▸ Aim of the task: Only the pictures are to be left out; please reproduce everything else in the data exactly.

● ● ● ● ●

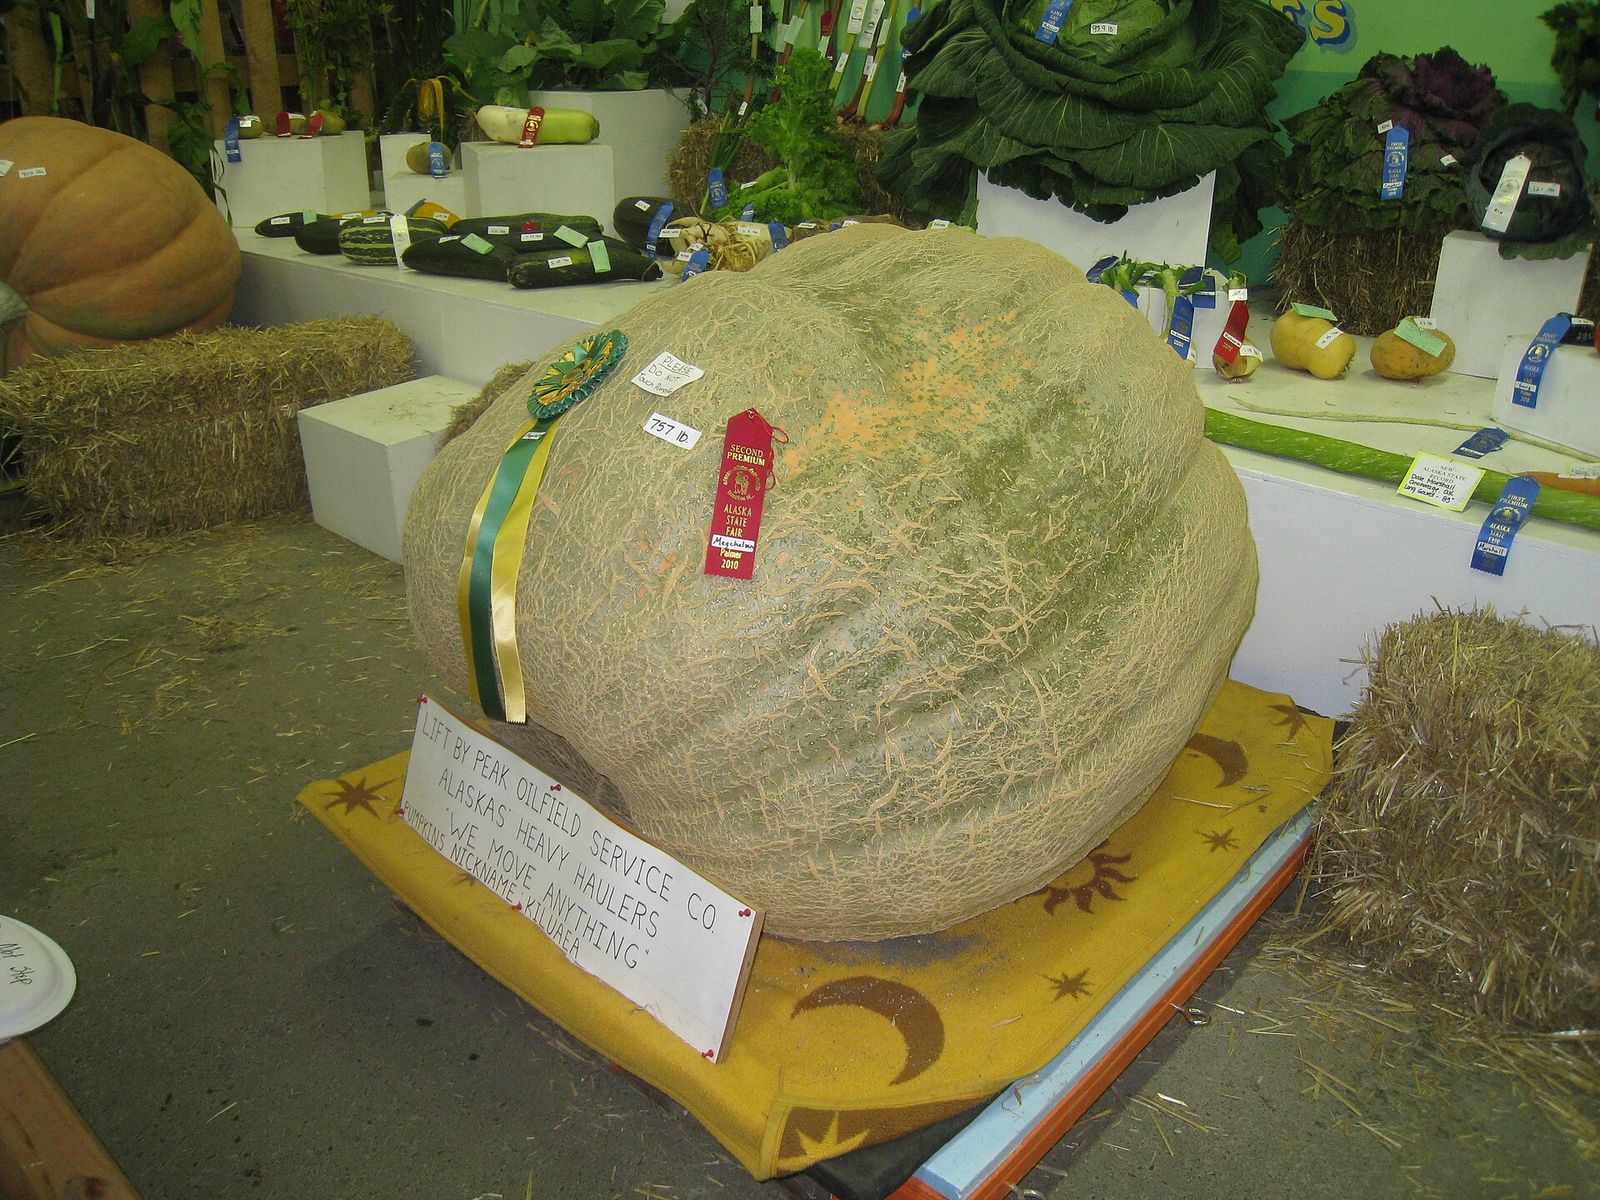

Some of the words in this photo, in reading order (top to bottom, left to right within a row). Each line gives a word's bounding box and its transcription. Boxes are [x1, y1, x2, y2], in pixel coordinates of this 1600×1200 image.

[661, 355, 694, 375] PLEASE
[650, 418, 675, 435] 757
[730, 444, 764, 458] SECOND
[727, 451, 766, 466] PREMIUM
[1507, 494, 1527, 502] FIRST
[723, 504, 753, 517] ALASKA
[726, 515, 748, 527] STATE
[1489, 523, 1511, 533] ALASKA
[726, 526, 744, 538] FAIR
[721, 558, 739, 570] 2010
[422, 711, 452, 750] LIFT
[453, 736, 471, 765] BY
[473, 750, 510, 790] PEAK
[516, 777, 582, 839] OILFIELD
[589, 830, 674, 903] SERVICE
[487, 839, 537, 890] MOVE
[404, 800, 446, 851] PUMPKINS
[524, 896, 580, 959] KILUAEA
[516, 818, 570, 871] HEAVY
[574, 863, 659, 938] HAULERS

● ● ● ● ●

▸ Result of the task:
Some of the words in this photo, in reading order (top to bottom, left to right within a row). Each line gives a word's bounding box and its transcription. Boxes are [x1, y1, x2, y2], in pixel coordinates of this 1600×1200 image.

[661, 355, 694, 375] PLEASE
[650, 418, 675, 435] 757
[730, 444, 764, 458] SECOND
[727, 451, 766, 466] PREMIUM
[1507, 494, 1527, 502] FIRST
[723, 504, 753, 517] ALASKA
[726, 515, 748, 527] STATE
[1489, 523, 1511, 533] ALASKA
[726, 526, 744, 538] FAIR
[721, 558, 739, 570] 2010
[422, 711, 452, 750] LIFT
[453, 736, 471, 765] BY
[473, 750, 510, 790] PEAK
[516, 777, 582, 839] OILFIELD
[589, 830, 674, 903] SERVICE
[487, 839, 537, 890] MOVE
[404, 800, 446, 851] PUMPKINS
[524, 896, 580, 959] KILUAEA
[516, 818, 570, 871] HEAVY
[574, 863, 659, 938] HAULERS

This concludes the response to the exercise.